Andres Oppenheimer: Will Ortega try to stay in power forever? Don't rule it out.

Of all the reactions I got from my one-hour interview with Nicaragua's authoritarian president Daniel Ortega, the most troublesome came from a man who knows him better than most: former Costa Rican President Oscar Arias Sanchez, who won the Nobel Peace Prize in 1987 for helping end Central America's civil wars and forcing Ortega to hold elections in 1990.

Arias told me that he was stunned by Ortega's claims about violent government repression that has left between 295 and 440 dead during the past three months in Nicaragua. Further, Arias said that he was shocked by Ortega's refusal to accept the Nicaraguan opposition's demands for early elections next year, long before the scheduled elections in 2021.

All of that makes Arias suspect that the de facto dictator may be planning to rule Nicaragua beyond the end of his term.

"I think that, in his mind, he's toying with the idea of winning time so as not to hold elections in 2021, and to stay in power indefinitely, like (Venezuelan President Nicolas) Maduro or (Cuba's) Castro brothers," Arias told me.

After reading my story in the Miami Herald and watching the interview on CNN en Espanol, Arias concluded that there is a big difference between what happened in the late 1980s _ when a beleaguered Ortega accepted holding elections _ and today.

In the late 1980s, Ortega was under strong international pressure to allow free elections. At the same time, Arias said, Ortega thought he could possibly win them.

"Today, on the contrary, he's convinced that he can't win an election. He will probably try to put his wife or somebody else to lead an 'Ortega government without Ortega.' But after what has happened over the past 100 days, he obviously can't win an election, and he knows it," Arias said.

In my interview with Ortega, which took place July 28 at his residence in Managua, the Nicaraguan strongman disputed the findings by the Organization of American States' Inter-American Human Rights Commission that the most of the dead in Nicaragua's protests were killed by police-backed paramilitary forces.

When I confronted Ortega with a picture of a pickup truck with hooded paramilitary gunmen armed with AK-47 rifles and waving flags of Ortega's FSLN political party _ one of many similar pictures that I was carrying _ he claimed it was probably a "fake picture." He later claimed it could also have been opposition "terrorists" posing as pro-government paramilitary forces.

When I reminded him that 21 countries of the Americas _ including leftist-ruled Uruguay and Ecuador _ recently voted at the OAS to ask his government to end the killings by paramilitary gunmen, Ortega claimed that countries were being misled by the international media.

When I asked him about the demands by Nicaragua's opposition that he hold early and credible elections, he said he could not do it because caving in to opposition protests would set a bad precedent for other Latin American countries.

When I suggested that he hold a referendum asking the Nicaraguan people whether they want early elections, he said that would be too costly for a poor country like his.

I replied that it would be relatively easy to get funding from the United States, European Union and Latin American nations to pay for such a referendum.
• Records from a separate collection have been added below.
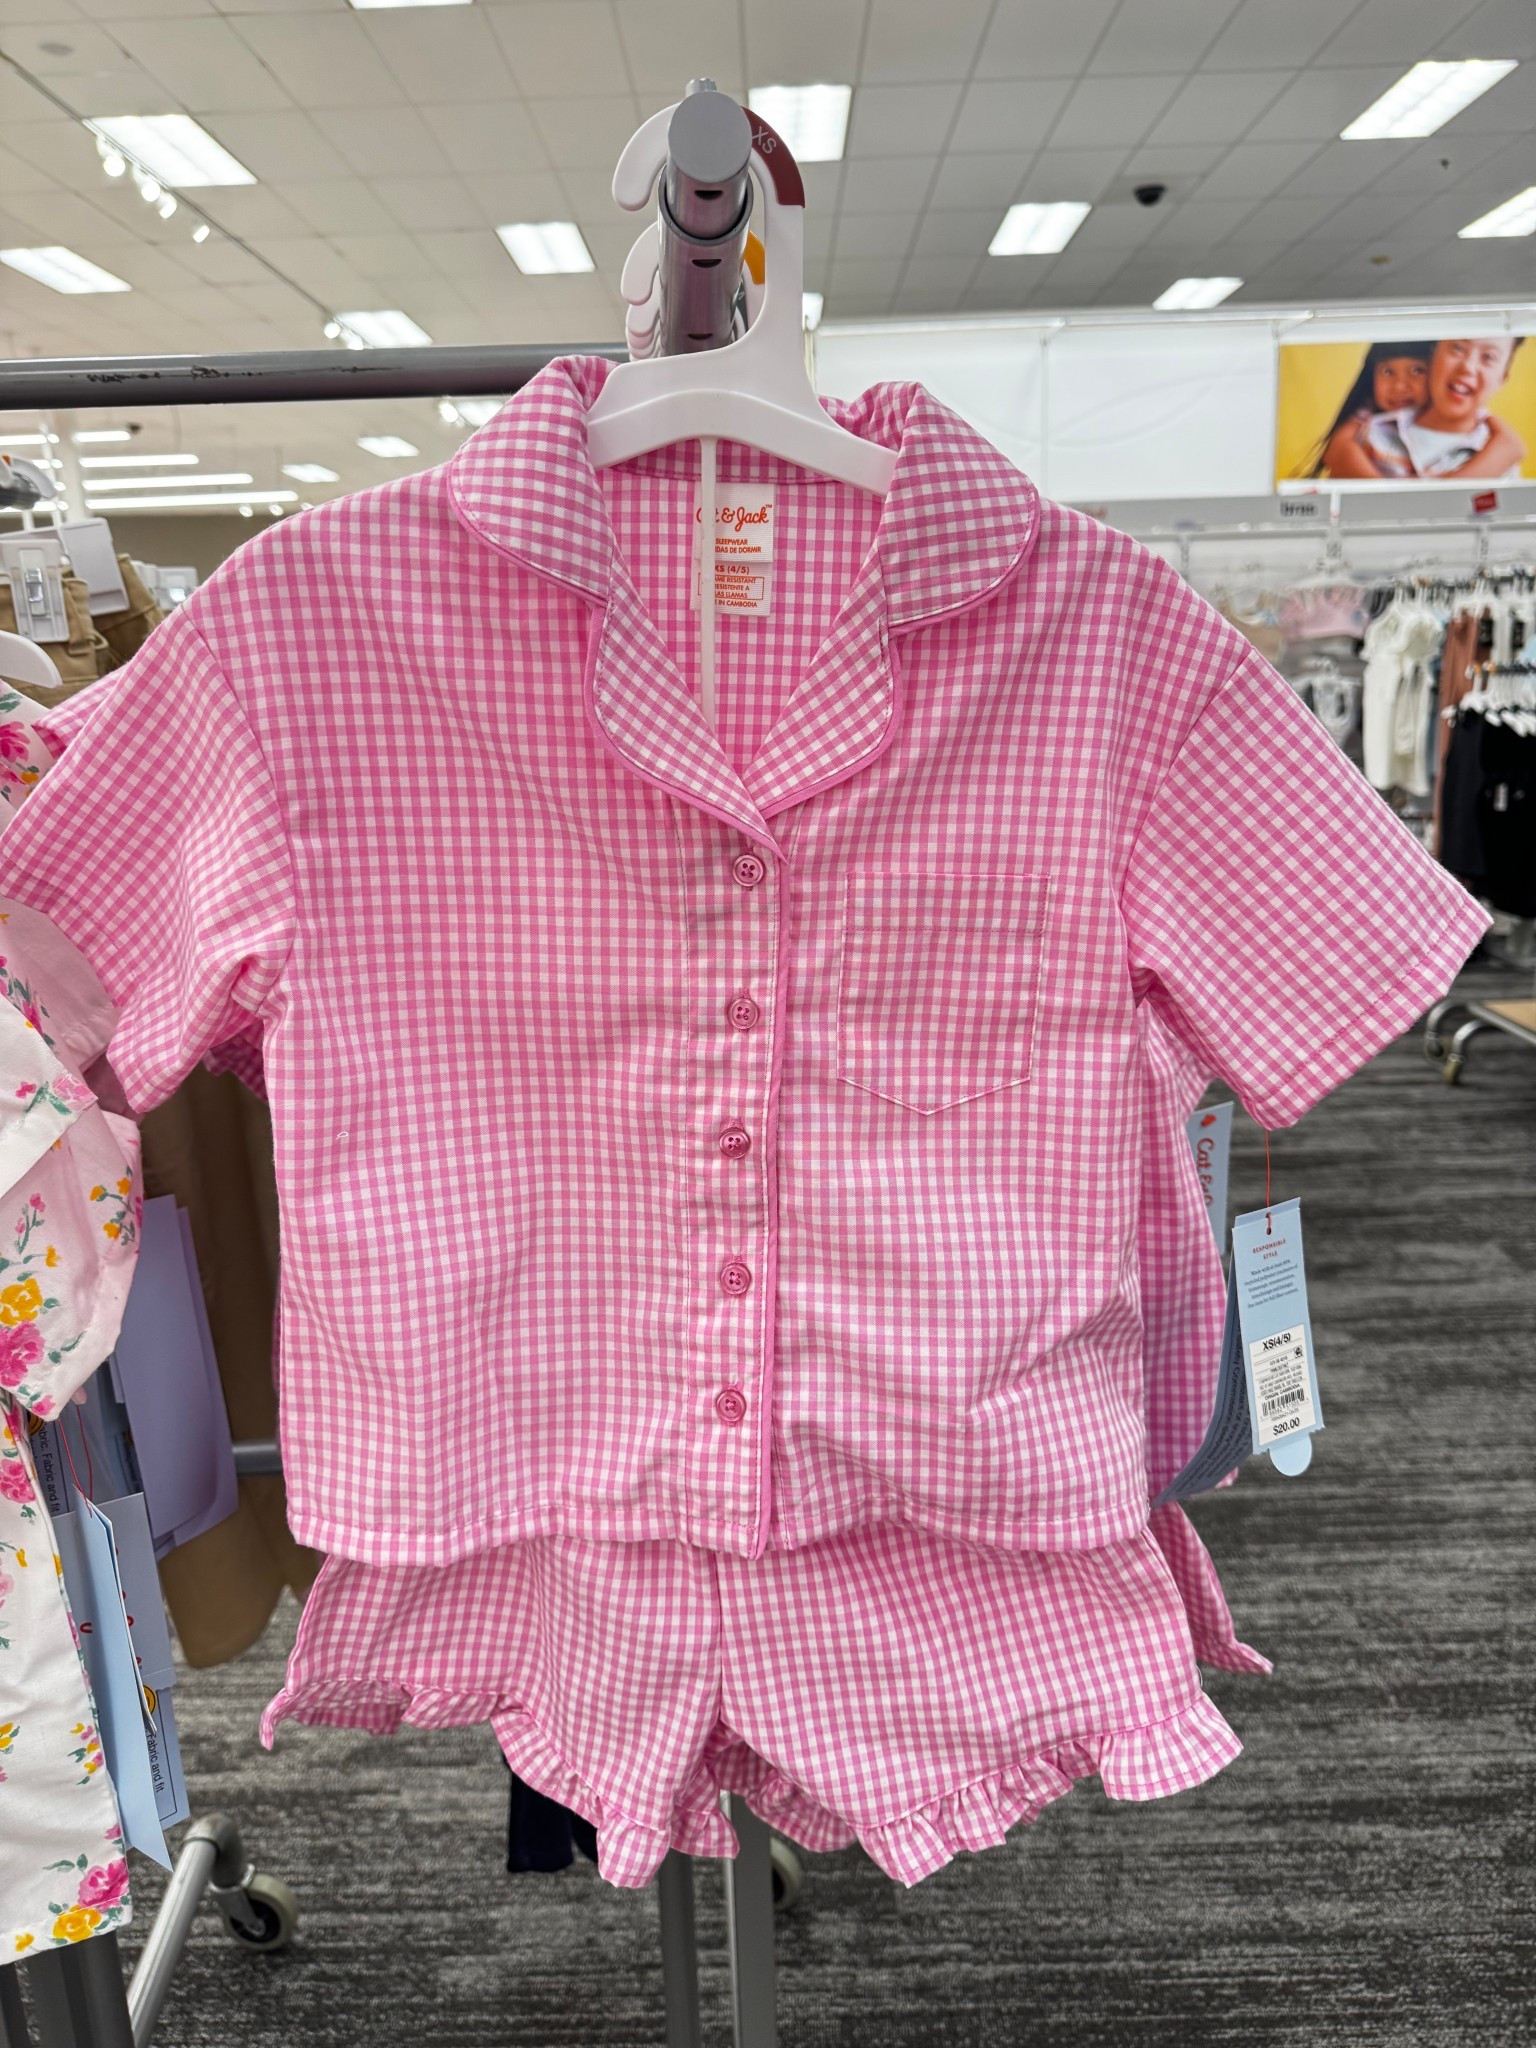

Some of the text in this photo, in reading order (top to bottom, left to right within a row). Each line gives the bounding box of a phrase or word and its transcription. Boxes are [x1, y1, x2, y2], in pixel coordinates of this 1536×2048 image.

[751, 125, 777, 154] XS
[721, 507, 735, 524] &
[727, 565, 750, 575] (4/5)
[726, 600, 758, 608] CAMBODIA
[1262, 1332, 1291, 1351] XS(4/5)
[1273, 1417, 1300, 1436] $20.00
[38, 1423, 60, 1512] abric. Fabric and fit
[146, 1733, 165, 1793] Fabric and fit
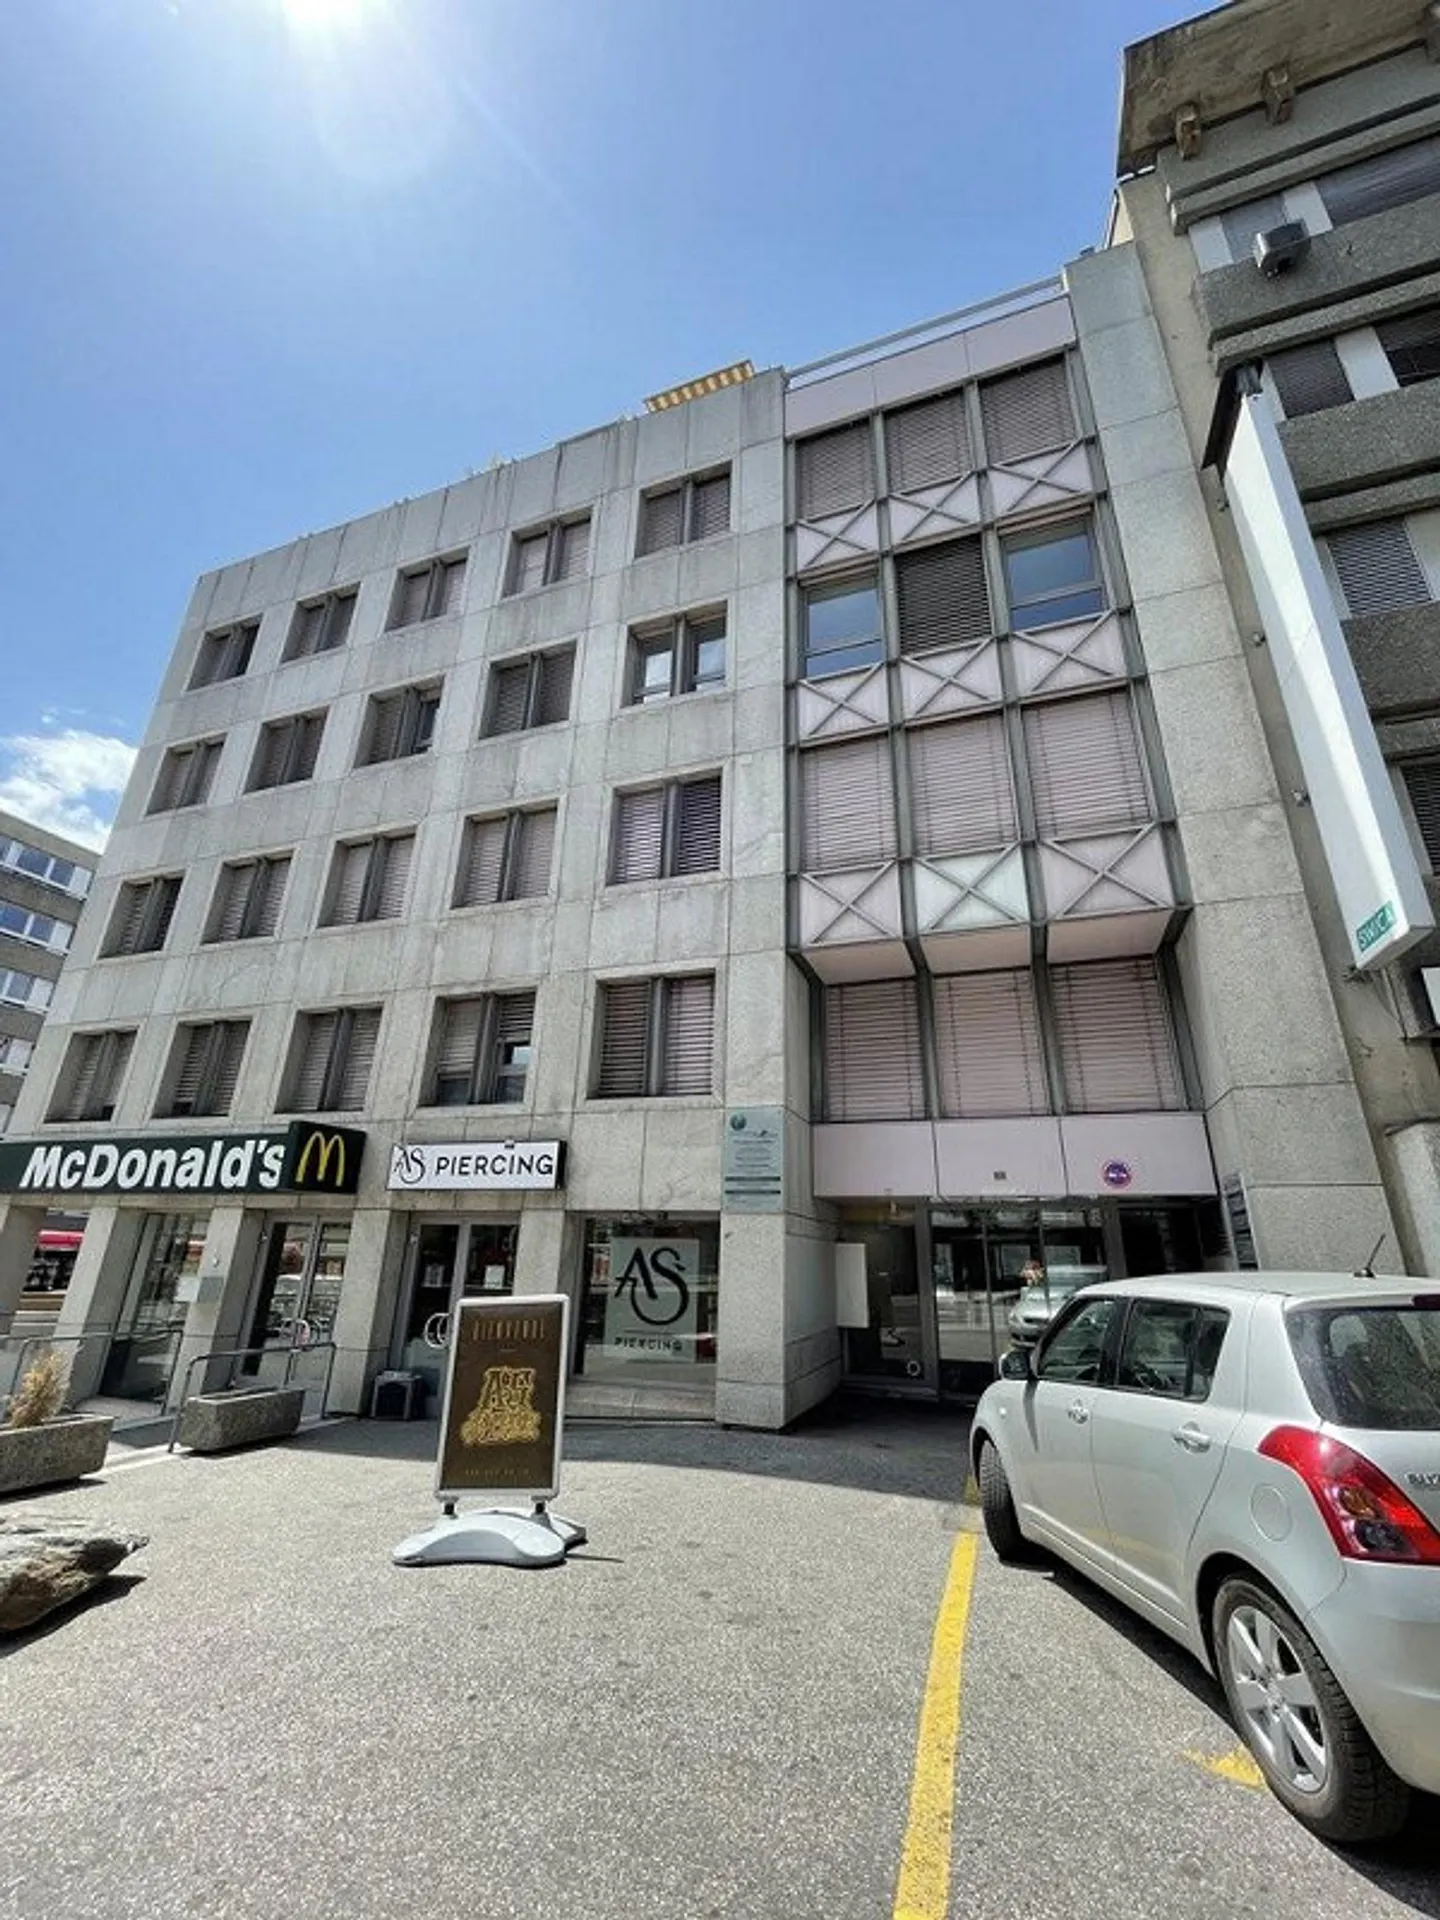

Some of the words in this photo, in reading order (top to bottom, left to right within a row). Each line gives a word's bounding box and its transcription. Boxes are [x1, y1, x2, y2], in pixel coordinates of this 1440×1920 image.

[19, 1140, 286, 1190] McDonald's
[393, 1147, 426, 1185] AS
[435, 1154, 554, 1177] PIERCING
[614, 1247, 690, 1326] AS
[614, 1337, 683, 1351] PIERCING
Ortega rejected the idea.

He said it would be useless because the opposition would never accept a possible defeat in the polls. In fact, a recent CID-Gallup poll shows that 63 percent of Nicaraguans have a negative view of the Ortega government.

No matter how much evidence of his responsibility in the killings I showed Ortega, and how many times I asked him what would it take for him to accept a negotiated solution to the crisis with early elections, he would deflect the question and blame the opposition.

Most likely, he's just trying to win time to weather the crisis and finish his term in 2022. But the most worrisome possibility is that raised by Arias is that, unlike in the late 1980s, Ortega knows that he can't win a fair election, so he might have decided to stay in power indefinitely.